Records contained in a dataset
══════
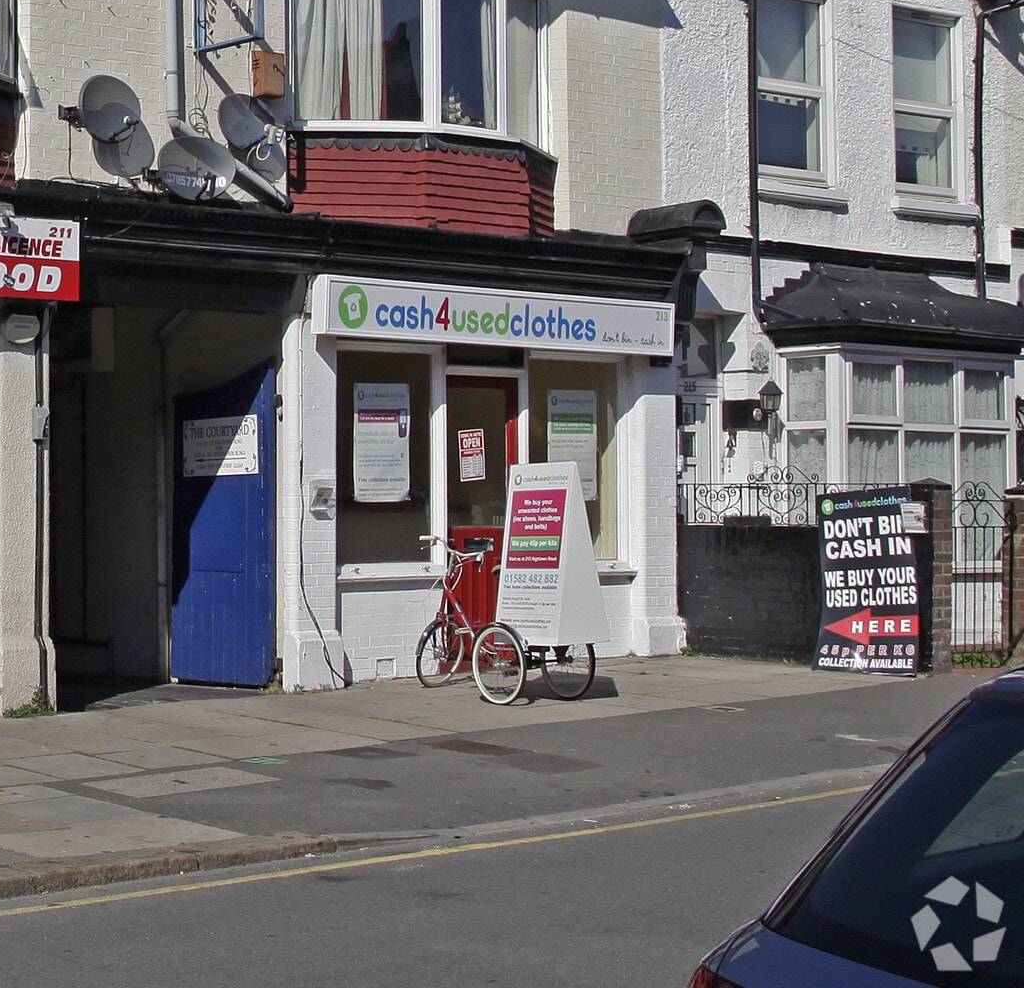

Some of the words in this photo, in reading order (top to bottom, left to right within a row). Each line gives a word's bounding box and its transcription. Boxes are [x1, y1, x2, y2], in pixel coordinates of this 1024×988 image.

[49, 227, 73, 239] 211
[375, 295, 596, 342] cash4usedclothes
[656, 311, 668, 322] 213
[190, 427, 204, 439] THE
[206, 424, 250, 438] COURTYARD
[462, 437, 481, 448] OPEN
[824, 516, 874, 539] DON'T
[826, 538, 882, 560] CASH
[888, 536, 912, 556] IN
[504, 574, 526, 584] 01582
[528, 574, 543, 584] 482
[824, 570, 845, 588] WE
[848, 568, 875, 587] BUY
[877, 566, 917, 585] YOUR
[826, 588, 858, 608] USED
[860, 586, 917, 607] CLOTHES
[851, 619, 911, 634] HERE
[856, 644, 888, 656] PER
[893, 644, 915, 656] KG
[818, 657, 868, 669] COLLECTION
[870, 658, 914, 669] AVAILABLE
══════
• [EXERCISE REQUIREMENTS]: Please reproduce the data above word for word, skipping all images.

• [WRITTEN RESPONSE]:
Some of the words in this photo, in reading order (top to bottom, left to right within a row). Each line gives a word's bounding box and its transcription. Boxes are [x1, y1, x2, y2], in pixel coordinates of this 1024×988 image.

[49, 227, 73, 239] 211
[375, 295, 596, 342] cash4usedclothes
[656, 311, 668, 322] 213
[190, 427, 204, 439] THE
[206, 424, 250, 438] COURTYARD
[462, 437, 481, 448] OPEN
[824, 516, 874, 539] DON'T
[826, 538, 882, 560] CASH
[888, 536, 912, 556] IN
[504, 574, 526, 584] 01582
[528, 574, 543, 584] 482
[824, 570, 845, 588] WE
[848, 568, 875, 587] BUY
[877, 566, 917, 585] YOUR
[826, 588, 858, 608] USED
[860, 586, 917, 607] CLOTHES
[851, 619, 911, 634] HERE
[856, 644, 888, 656] PER
[893, 644, 915, 656] KG
[818, 657, 868, 669] COLLECTION
[870, 658, 914, 669] AVAILABLE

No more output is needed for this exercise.